Illicit drug ketamine induces adverse effects from behavioral alterations and oxidative stress to p53-regulated apoptosis in medaka fish under environmentally relevant exposures
2018
Liao, Pei-Han | Yang, Wen-Kai | Yang, Ching-Hsin | Lin, Chun-Hon | Hwang, Chin-Chu | Chen, Pei-Jen
With increasing problems of drug abuse worldwide, aquatic ecosystems are contaminated by human pharmaceuticals from the discharge of hospital or municipal effluent. However, ecotoxicity data and related toxic mechanism for neuroactive controlled or illicit drugs are still lacking, so assessing the associated hazardous risk is difficult.

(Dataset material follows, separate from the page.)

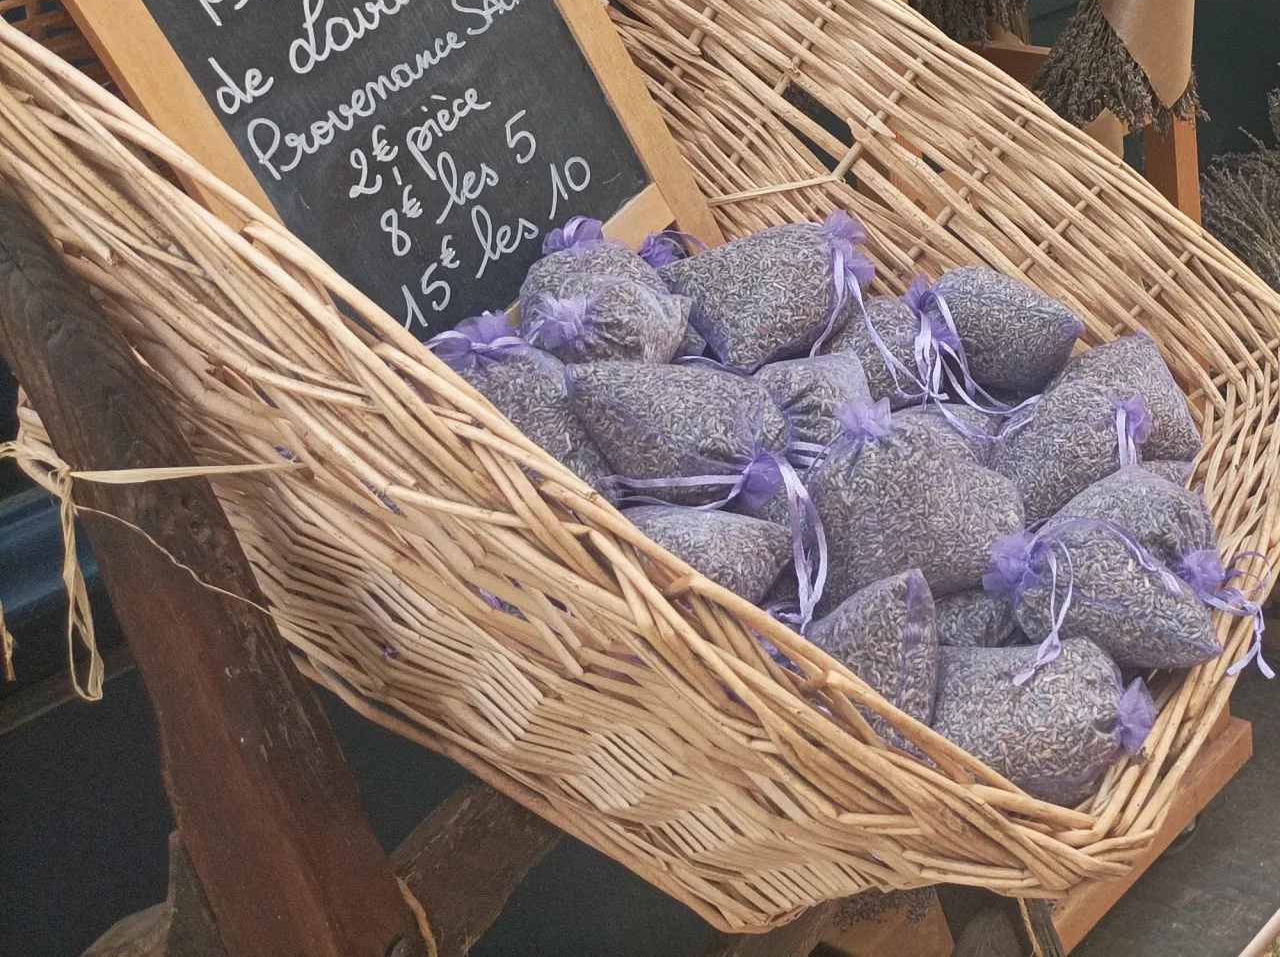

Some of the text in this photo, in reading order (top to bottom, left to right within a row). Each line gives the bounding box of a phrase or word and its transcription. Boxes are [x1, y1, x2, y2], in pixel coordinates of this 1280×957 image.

This study aims to investigate the behavioral changes, oxidative stress, gene expression and neurotoxic or apoptosis effect(s) in larvae of medaka fish (Oryzias latipes) with environmentally relevant exposures of ketamine (KET) solutions for 1–14 days. KET exposure at an environmentally relevant concentration (0.004 μM) to 40 μM conferred specific patterns in larval swimming behavior during 24 h. At 14 days, such exposure induced dose- and/or time-dependent alteration on reactive oxygen species induction, the activity of antioxidants catalase and superoxide dismutase, glutathione S-transferase and malondialdehyde contents in fish bodies. KET-induced oxidative stress disrupted the expression of acetylcholinesterase and p53-regulated apoptosis pathways and increased caspase expression in medaka larvae. The toxic responses of medaka larvae, in terms of chemical effects, were qualitatively analogous to those of zebrafish and mammals. Our results implicate a toxicological impact of waterborne KET on fish development and human health, for potential ecological risks of directly releasing neuroactive drugs-containing wastewater into the aquatic environment.